Sotto la galleria che porta alla spiaggia nuova di Vernazza ho rintracciato un ferro da stiro antico, di quelli che ancora si mettevano sulla cucina a scaldare. Ho pensato alla storia di quell’oggetto, anzi me la sono immaginata. Comprato da un marittimo sotto i portici di Piazza Caricamento a Genova come regalo alla madre, il ferro da stiro ha svolto dignitosamente il suo lavoro: ha stirato l’uniforme della prima guerra mondiale, l’abito scolastico di un bambino, la stola di un prete, la divisa da balilla, il completo nero di una vedova, la bandiera tricolore senza più lo scudo savoiardo, un fazzoletto rosso, un paio di jeans ed una maglietta del Parco delle Cinque Terre. In quel piccolo, modesto, arrugginito e malandato oggetto c’era, in fondo, la storia intera di un paese. Ma come tutte le vite che finiscono diventando ricordo, anche il ferro da stiro aveva concluso il suo ciclo. Non aveva una tomba, una targa, una lapide, non aveva avuto la dignità di diventare storia, magari finendo in un banco di cose vecchie o antiquariato. Così Maria Capellini ha ridato dignità alle cose che erano sfuggite alle mensole, alle cantine, alle librerie. Solo che quella maledetta alluvione dell’ottobre 2011 non si è portata via soltanto gli oggetti – pezzi di fornelli, tavole, tazze, careghe, letti e comodini, persino televisori, portiere d’auto, insegne di negozi, - si è portata via anche delle vite umane lasciando una scia di irreversibile dolore inchiodato ora nella panchina di marmo o nei tavoli della piazza dove transitano i ricordi, le frasi dette, gli aneddoti su chi non c’è più tra uno stuolo e l’altro di turisti indifferenti. Vernazza si è rifatta il look, è diventata ancora più bella, ha acquisito un senso di comunità più forte di prima nella sua originalità esistenziale per niente provinciale, così autonoma e diversa, senza pregiudizi né preclusioni, in fondo legata al momento più bello della sua vicenda recente quando divenne una piccola capitale delle libertà degli anni settanta.

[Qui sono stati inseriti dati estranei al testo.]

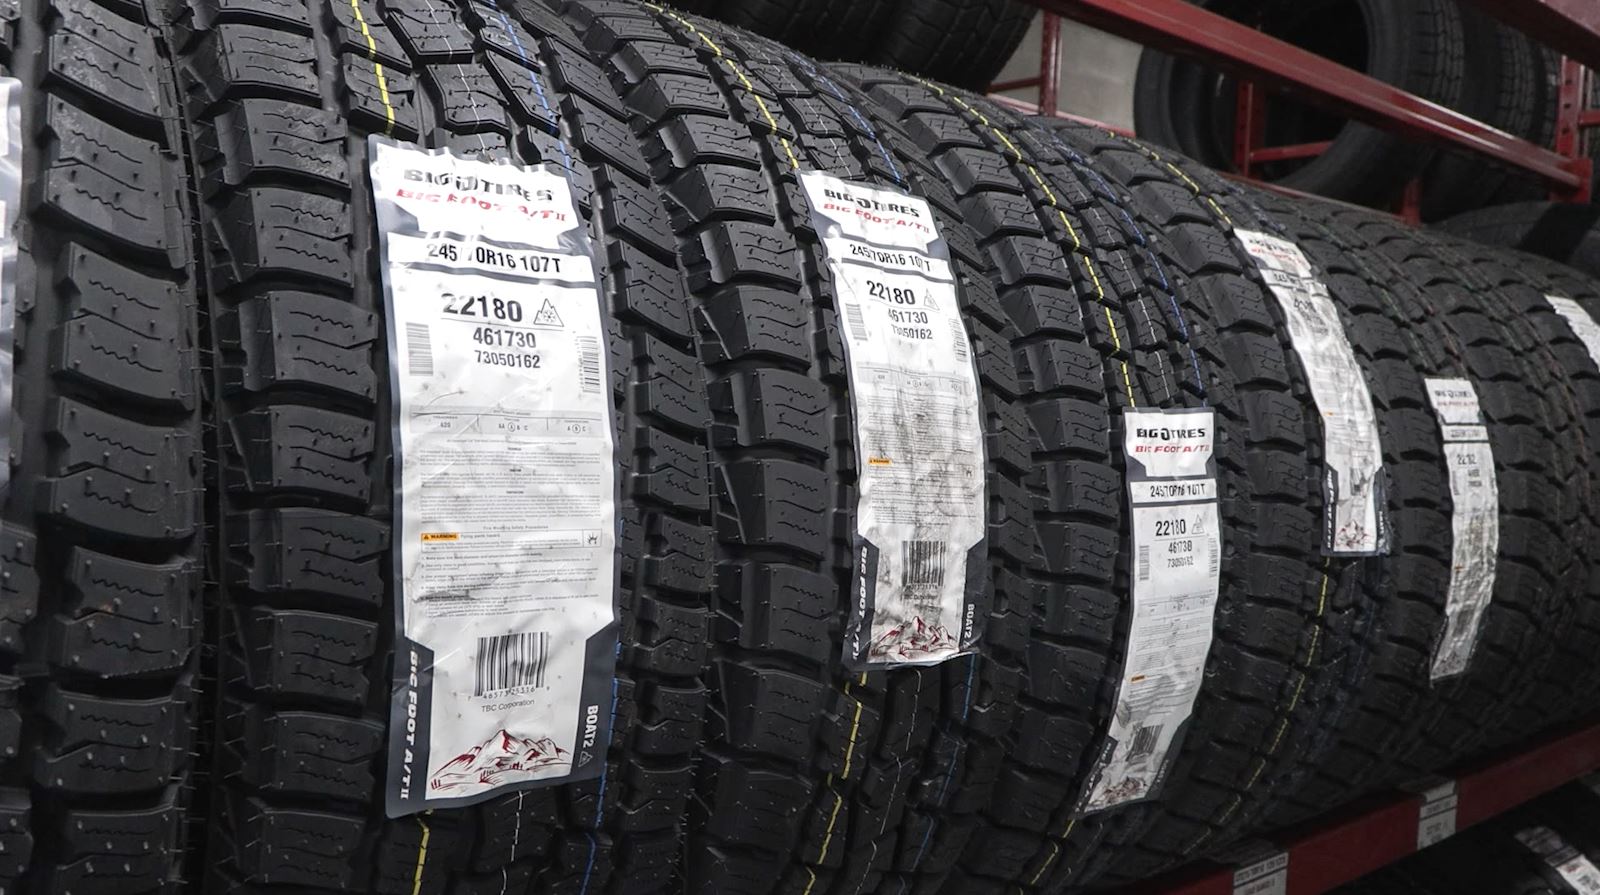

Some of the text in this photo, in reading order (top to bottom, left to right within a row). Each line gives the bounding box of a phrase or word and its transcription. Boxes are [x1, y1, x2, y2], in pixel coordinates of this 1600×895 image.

[823, 188, 853, 203] BIG
[871, 199, 920, 218] TIRES
[823, 203, 852, 213] BIG
[855, 208, 894, 225] FOOT
[519, 255, 561, 274] 107T
[908, 254, 931, 272] 107T
[866, 279, 916, 306] 22180
[440, 292, 524, 323] 22180
[887, 308, 929, 325] 461730
[472, 326, 537, 349] 461730
[474, 349, 541, 369] 73050162
[1136, 428, 1158, 438] BIG
[1169, 428, 1206, 439] TIRES
[1154, 445, 1182, 454] FOOT
[1155, 518, 1187, 537] 22180
[860, 545, 868, 575] BIG
[859, 576, 867, 619] FOOT
[964, 603, 975, 640] BOAT2
[409, 650, 419, 688] BIG
[481, 698, 535, 713] TBC Corporation
[406, 690, 419, 746] FOOT
[582, 704, 599, 749] BOAT2
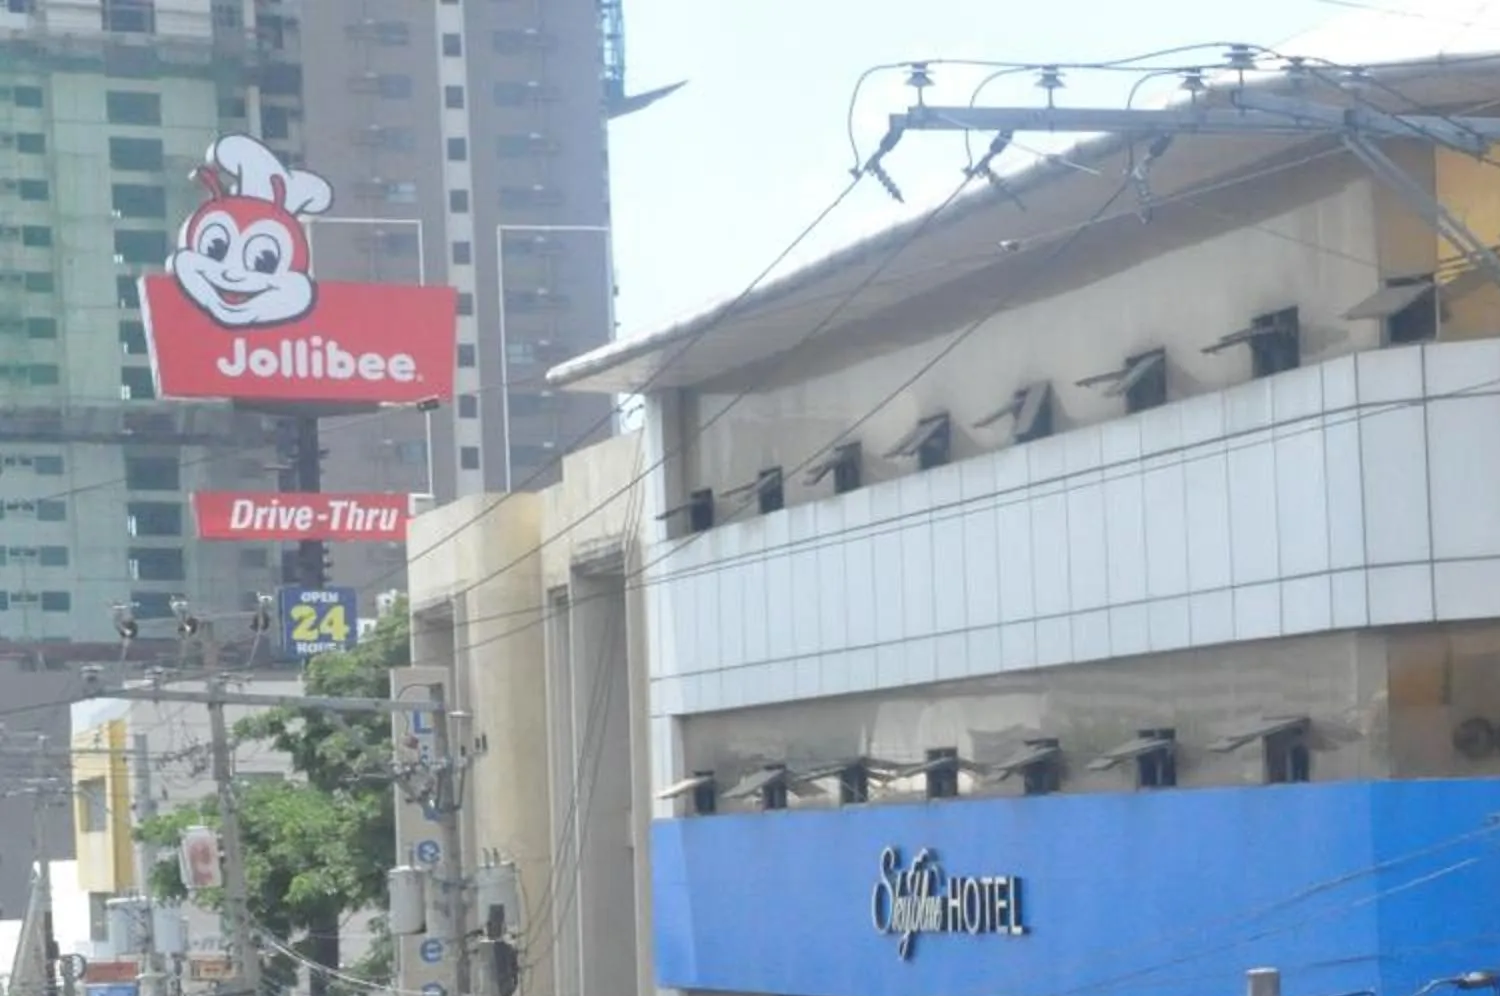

Sotto la rena si cela ancora qualcosa. Scavando si possono trovare storie, racconti, voci che salgono dal sottosuolo e sprigionano il desiderio di sentirsi parte della comunità. Perché quegli oggetti non appartengono solo al nostro presente, ma al passato, sono tasselli inanimati di un’unica vicenda che passa da generazione in generazione senza interruzione o soste. E tutti sanno benissimo, a Vernazza, terra d’ingegni e emancipazione, che anche una suola di scarpe, una cornice, una foto strappata o un centrino di pizzo contengono l’essenza del divenire, del passaggio, dell’esistere, del narrare. E trasformando questi oggetti - seppure logorati dal mare e intrisi di fango, innervati dalla resistenza passiva alla valanga dell’alluvione - in pezzi d’arte, come ha fatto Maria Capellini, ecco che le storie si svincolano, si alimentano, rinascono.
Tocchi di Vernazza è un titolo che si può leggere in due modi: come “pezzi” di una storia collettiva e come “impronte” di una vicenda mai scritta che attraversa le case, i muri, le camere da letto, i salotti, i luoghi dove sono andati in scena momenti affettuosi e momenti dolorosi, così come è il cammino esistenziale. Insomma, il respiro delle cose. Il rispetto verso la Natura porta questi oggetti a rivivere in una chiava “pacifica”, non definitiva, non offensiva. Mai nulla è definito nella nostra relazione con la Natura. Le opere d’arte sono assemblaggi inediti che, oltre a superare il distacco dagli oggetti perduti da qualcuno, ci regalano nuove suggestioni, tutte romantiche, inoffensive: lune, promontori, stelle, solleoni, carte geografiche che disegnano rotte immaginarie. Se una volta nel mare si cercavano cavallucci marini e ossi di seppia – come ci ricorda la poetica di Montale, - oggi il mare ci restituisce i danni che noi causiamo. Non aspettiamo più messaggi in bottiglia, aspettiamo residui del nostro quotidiano. Dal dolore dell’alluvione il mare ci restituisce la nostra memoria. In fondo bisogna ringraziarlo.